• _EXERCISE DESCRIPTION_
Exact copy, pictures omitted: the line holding "this 1706×960 image." and every line after it down to the end of the entries.

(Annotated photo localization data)
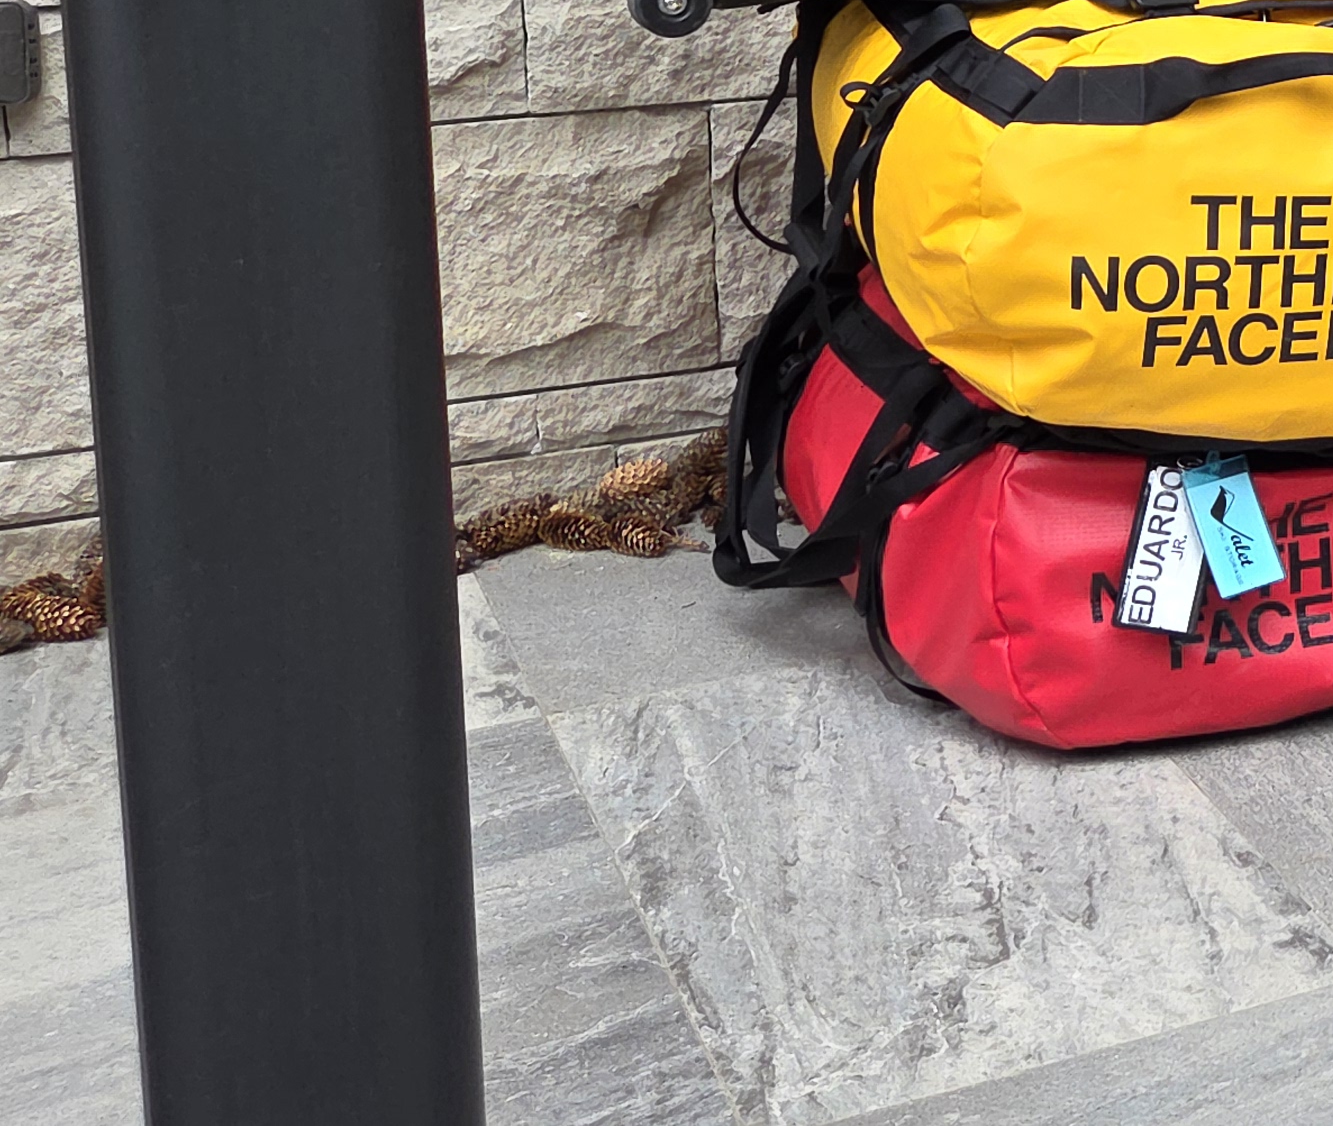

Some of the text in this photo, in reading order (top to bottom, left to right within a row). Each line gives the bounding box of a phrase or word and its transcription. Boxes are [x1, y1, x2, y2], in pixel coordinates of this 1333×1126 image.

[1190, 195, 1333, 251] THE
[1070, 253, 1328, 313] NORTH
[1141, 311, 1324, 368] FACE
[1128, 468, 1184, 625] EDUARDO
[1171, 534, 1188, 561] JR.
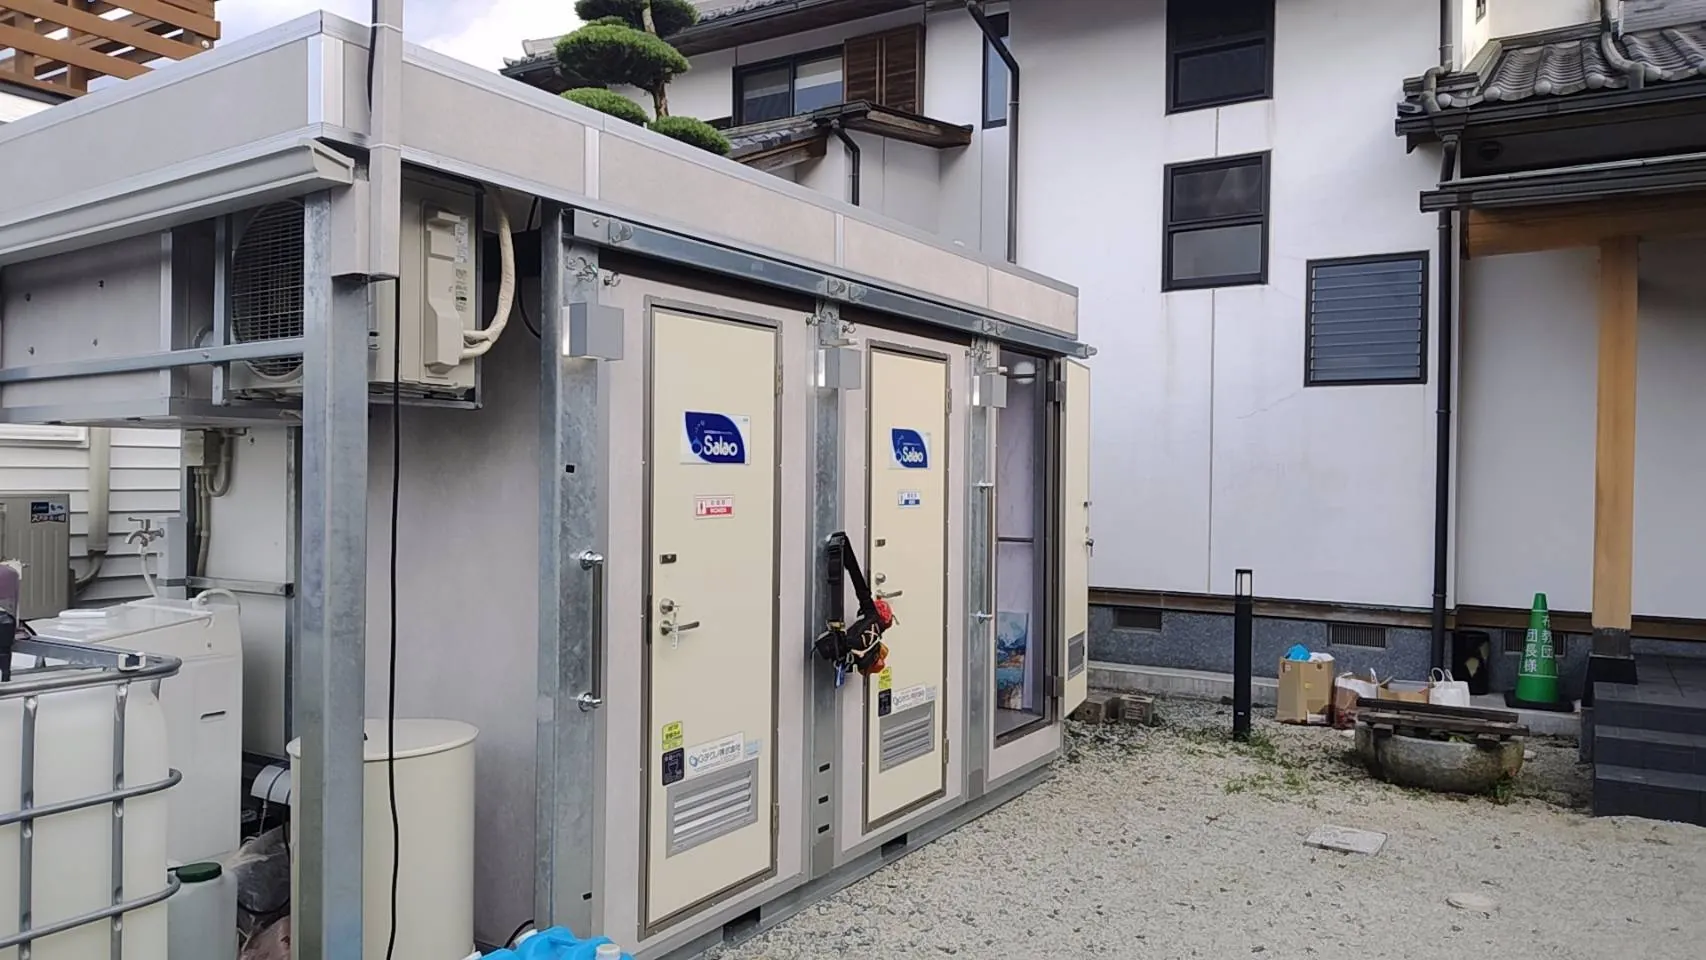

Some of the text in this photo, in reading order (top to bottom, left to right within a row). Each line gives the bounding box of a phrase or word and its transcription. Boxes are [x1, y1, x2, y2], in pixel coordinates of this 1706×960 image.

[703, 434, 738, 456] Salao
[1524, 628, 1538, 673] 団長様
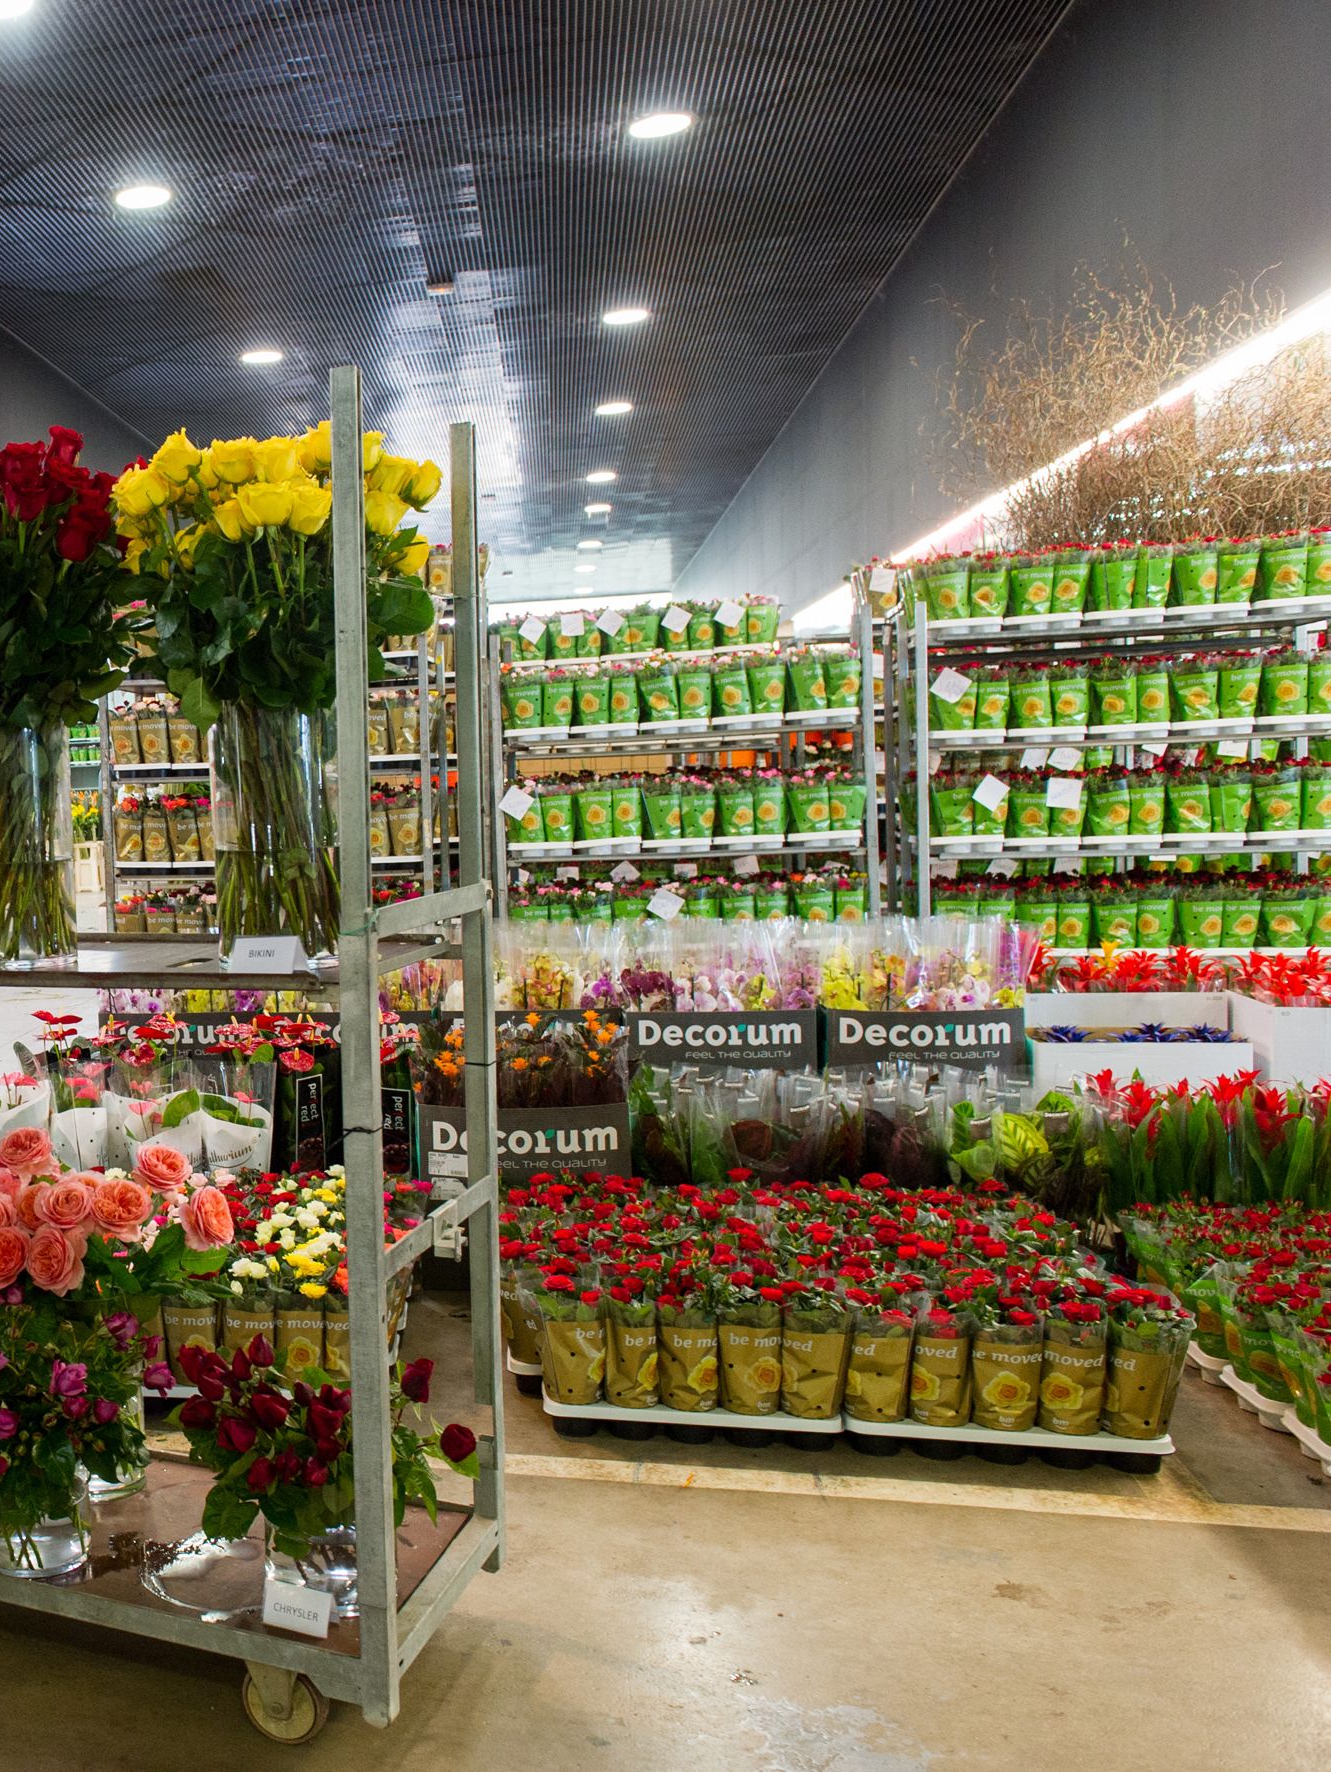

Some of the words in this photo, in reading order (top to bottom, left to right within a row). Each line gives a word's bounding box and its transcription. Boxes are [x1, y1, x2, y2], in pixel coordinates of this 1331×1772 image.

[248, 949, 275, 958] BIKINI
[638, 1020, 802, 1046] Decorum
[839, 1016, 1011, 1047] Decorum
[164, 1313, 179, 1326] be
[226, 1315, 241, 1328] be
[624, 1334, 643, 1346] be
[673, 1334, 692, 1348] be
[729, 1332, 749, 1346] be
[1044, 1349, 1105, 1368] moved
[273, 1602, 319, 1622] CHRYSLER

• _RESPONSE_
Some of the text in this photo, in reading order (top to bottom, left to right within a row). Each line gives the bounding box of a phrase or word and its transcription. Boxes are [x1, y1, x2, y2], in pixel coordinates of this 1706×960 image.

[703, 434, 738, 456] Salao
[1524, 628, 1538, 673] 団長様

Some of the words in this photo, in reading order (top to bottom, left to right within a row). Each line gives a word's bounding box and its transcription. Boxes are [x1, y1, x2, y2], in pixel coordinates of this 1331×1772 image.

[248, 949, 275, 958] BIKINI
[638, 1020, 802, 1046] Decorum
[839, 1016, 1011, 1047] Decorum
[164, 1313, 179, 1326] be
[226, 1315, 241, 1328] be
[624, 1334, 643, 1346] be
[673, 1334, 692, 1348] be
[729, 1332, 749, 1346] be
[1044, 1349, 1105, 1368] moved
[273, 1602, 319, 1622] CHRYSLER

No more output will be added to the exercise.